Борис Петрович набрал полную ложечку варенья — сладкое любил больше, чем внук, — и, с удовольствием съев, сказал, обращаясь к дочери:
— Комментарии нужны?
— Не нужны! Вот посмотришь, папа, Анна Васильевна еще и старичков ваших перегонит! Помяни мое слово!
— Сообразительный народ пошел, без комментариев обходится, — подмигнул Борис Петрович жене и потянулся за новой порцией варенья.
ГЛАВА XXVIII
Корсунов оступился, ушиб ногу и лежал в постели дома. В руках у него были тетрадь и карандаш. Он продумывал свое выступление на конференции по книге Ленина «Материализм и эмпириокритицизм». Хотелось рассказать о том новом, что лауреаты-химики внесли в науку. Теоретическую конференцию наметили провести в школе через две недели.
Откинув голову на подушку, он полежал с закрытыми глазами, потом записал план, и, приподнявшись на локоть, посмотрел в окно: видна была часть двора. Снова выпал глубокий снег, деревья облепило белой ватой, и они стояли, могучие, разлапистые, похожие на шеренгу дедов-морозов в белых тулупах.
Во дворе, на веревке для белья, лежал пласт снега намного толще самой веревки, местами он осыпался, и веревка походила на белый пунктир.
Даже подветренные стены домов занесены были снегом, словно чья-то озорная рука залепила их снежками. Корсунов поднялся с постели, набросил на себя одеяло и сел в кресло у окна. Достав из коробки спичку, задумчиво покусывал ее.
Четвертый день Вадим Николаевич не ходил в школу, и никто из ребят не навестил его.
«Почему они не приходят? — с горечью думал Корсунов, — неужели я не заслужил этого? Неужели так и не поняли, что я их друг? Значит, правы товарищи, выступавшие тогда на партийном собрании?»
Он никому не признался бы, но это собрание было очень важно для него. Конечно, нельзя быть совместителем. Душой, отношением… Да и лучше расстаться с разными курсами! Школа требует всех сил учителя. Ей нельзя приносить остатки себя.
Корсунов нервно поскоблил ногтем подоконник, словно хотел сорвать с него корку краски.
Голос совести подсказывал ему, что со многим, даже самым неприятным, о чем говорили тогда, следует согласиться; но неправда, что он «не прирос душой» к школе, неправда! «Кто это говорил мне? А-а, Сергей. Неверно это, Сережа, обидно и неверно».
Вчера у него были Серафима Михайловна и Анна Васильевна. (Люся после их ухода съязвила: «Тебя окружает хоровод дам»), передавали поклон от Бориса Петровича и Якова Яковлевича — они беспокоились о его здоровье. Это было приятно, но не главное: не приходили дети.
Люся многозначительно молчала, но он знал ее мысли и с возмущением отметал их. «Чушь, Сергей не станет восстанавливать против меня класс».
Вадим Николаевич в душе понимал, что не так, как нужно, сложились у него отношения с классом, что Кремлев в чем-то главном был прав, что надо честно пересмотреть своя позиции и первым протянуть ему руку. Но, как все упрямые люди, он не хотел в этом признаться даже себе и непримиримо думал о Сергее Ивановиче: «Критик нашелся!»
Сейчас было тоскливо и одиноко, тянуло в школу. Он ясно представил себе Фому Никитича «на вахте», торжественную тишину коридоров, голос учители за дверью класса, звонок…
«Дурачки, — с нежной снисходительностью думает он о детях, — не всякий умеет проявлять любовь так, как нам приятно.

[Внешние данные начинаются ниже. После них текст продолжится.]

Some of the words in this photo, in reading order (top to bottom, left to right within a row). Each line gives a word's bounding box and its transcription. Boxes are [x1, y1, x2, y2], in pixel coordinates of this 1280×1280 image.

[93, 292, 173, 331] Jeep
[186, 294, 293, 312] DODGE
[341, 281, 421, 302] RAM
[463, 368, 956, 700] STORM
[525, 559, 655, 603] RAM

Разве обязательно подходить в перемену и спрашивать: „Ну, как дела, Вова?“ А может быть, лучше вызвать этого Владимира к доске, да спросить с пристрастием, да, любя его по-настоящему, поставить единицу вместо натянутой тройки… И заставить несмышленыша получше выучить! Пусть он сейчас меня Колом Николаевичем зовет, а вырастет — спасибо окажет…»
И все-таки — он чувствовал — было что-то порочное и его взглядах… Нельзя отгораживаться от учеников, сводить все дело к уроку, отметке…
Ему вдруг страстно захотелось очутиться в школе, хотя бы на полчаса, хотя бы на десять минут. Люся, по обыкновению, сидела у соседей и «перемывала косточки» общих знакомых. «Это тоже надо изменить, так дальше жить невозможно». Он стал торопливо одеваться.
«К чорту хворобу, погляжу на них — и станет легче».
Снег колкой пеленой окутывал город, трудно было дышать. Корсунов шел медленно. У сквера постоял около большой карты Китая, удовлетворенно подумал, глядя на флажки фронта: «Молодцы, это по-нашему!»
Возле почтового отделения он с удивлением остановился.